With LLMs, we typically finetune an initial model (that is “good” on a wide range of text-to-text tasks) to boost performance on a specific task of interest (e.g. generating database queries from natural language). We do this in a two-step process:

• First, creating a finetuning training dataset \({(x_i, y_i)_n}\), which contain pairs of inputs \(x\) and targets \(y\).¹
• Optimize the weights of the initial model such that our finetuning training dataset \({(x_i, y_i)_n}\) becomes more “probable”. The idea here is that a model that is more likely to generate the correct answers \(y\) on \(x\)’s from our training set, will generalize and also be more likely to generate \(y\)’s on new \(x\)’s.

Full Finetuning

Full finetuning means we tune all the weights of the model. For a model such as GPT-3 175B (Brown et al., 2020), this means giving our optimization algorithm 175 billion numbers it can “dial” up and down as needed to make our finetuning training data more “probable”. Let’s dig a bit deeper, and more concretely define what we mean by weights here.

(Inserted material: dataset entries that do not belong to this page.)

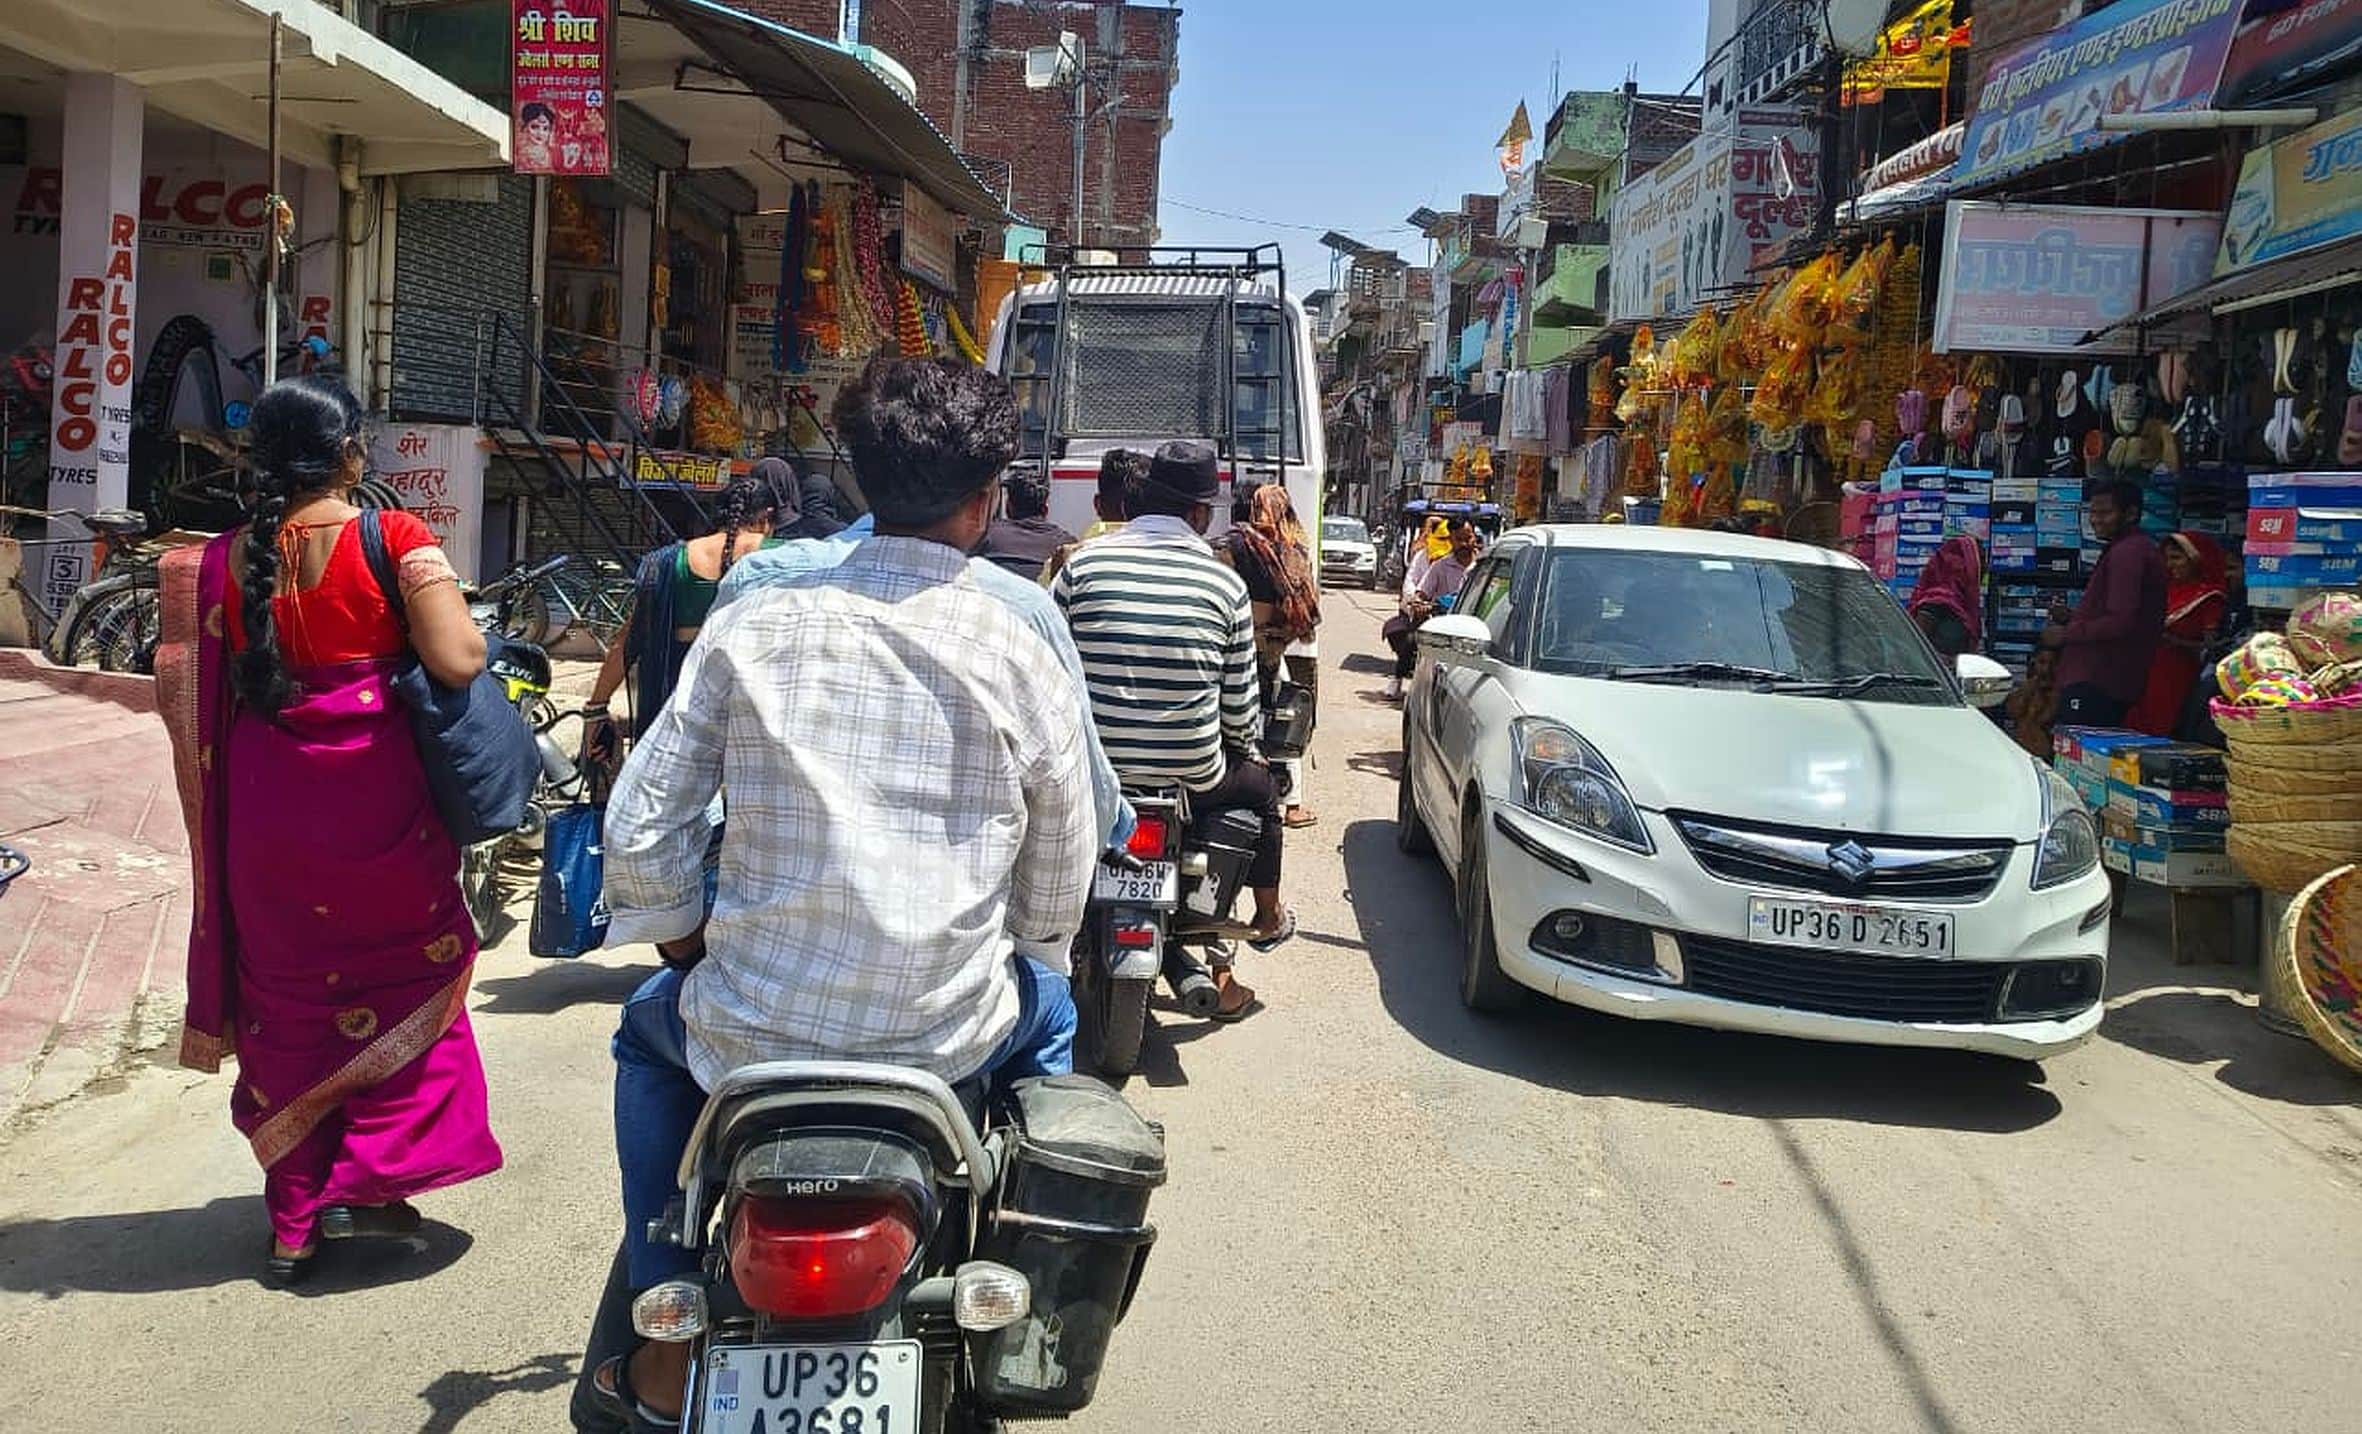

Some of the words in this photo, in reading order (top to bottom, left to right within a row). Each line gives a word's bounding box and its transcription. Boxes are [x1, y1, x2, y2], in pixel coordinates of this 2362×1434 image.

[518, 10, 546, 42] श्री
[552, 10, 598, 42] शिव
[106, 213, 137, 386] RALCO
[57, 277, 105, 452] RALCO
[50, 465, 98, 485] TYRES
[1117, 880, 1163, 899] 7820
[1772, 906, 1841, 940] UP36
[1852, 914, 1867, 943] D
[1879, 917, 1947, 951] 2651
[762, 1350, 879, 1399] UP36
[750, 1404, 891, 1434] A3681

Each layer in a Transformer is primarily made of two components: a multihead attention network, followed by a feedforward network. This means the bulk of the “weights” that make up each layer are stored in six matrices², as shown. \(\theta\) then, is used as shorthand refer to all the weights, stored in all the matrices across all the layers of the model.

In full finetuning, every single weight in \(\theta\) is opened up for updating. Our aim is to produce updated weights that minimize the negative log likelihood (NLL) as shown on the left³. There’s no closed form way to get the “optimal” weights, so we solve the optimization problem by repeatedly applying many steps of gradient descent, as shown on the right.

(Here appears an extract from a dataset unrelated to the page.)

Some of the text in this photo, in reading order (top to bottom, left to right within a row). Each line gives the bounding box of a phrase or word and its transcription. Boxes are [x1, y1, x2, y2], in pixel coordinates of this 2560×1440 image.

Now, directly doing gradient descent this way would quickly lead to overfitting⁴, so we usually regularize the problem. With LLMs, the regularization tool of choice is usually weight decay. Specifically, when using vanilla SGD⁵, weight decay is equivalent to having a term in the loss equal to the squared sum of the weights:

\[R(\theta)=\sum_i \sum_j[W_{{\color{RoyalBlue}q}}^{\color{PineGreen}{1}}]_{ij}^2+\cdots\]

Hence, the overall objective now is as follows (where \(\lambda\) is a hyperparameter controlling the strength of the weight decay):

\[\min_{\color{YellowOrange}{\theta}} \biggl[\underbrace{-\log P_{\color{YellowOrange}{\theta}}({\color{PineGreen}{y}} \mid {\color{RoyalBlue}{x}})}_{\color{BrickRed}{L}} + \frac{\lambda}{2} R({\color{YellowOrange}{\theta}})\biggr]\]

Differentiating this to objective to get the gradient, we notice the gradient update has two distinct terms⁶: the first corresponding to the minimizing the negative log likelihood as before, and a new second term \(-\alpha\lambda w\) that pushes the weight towards the origin \(0\).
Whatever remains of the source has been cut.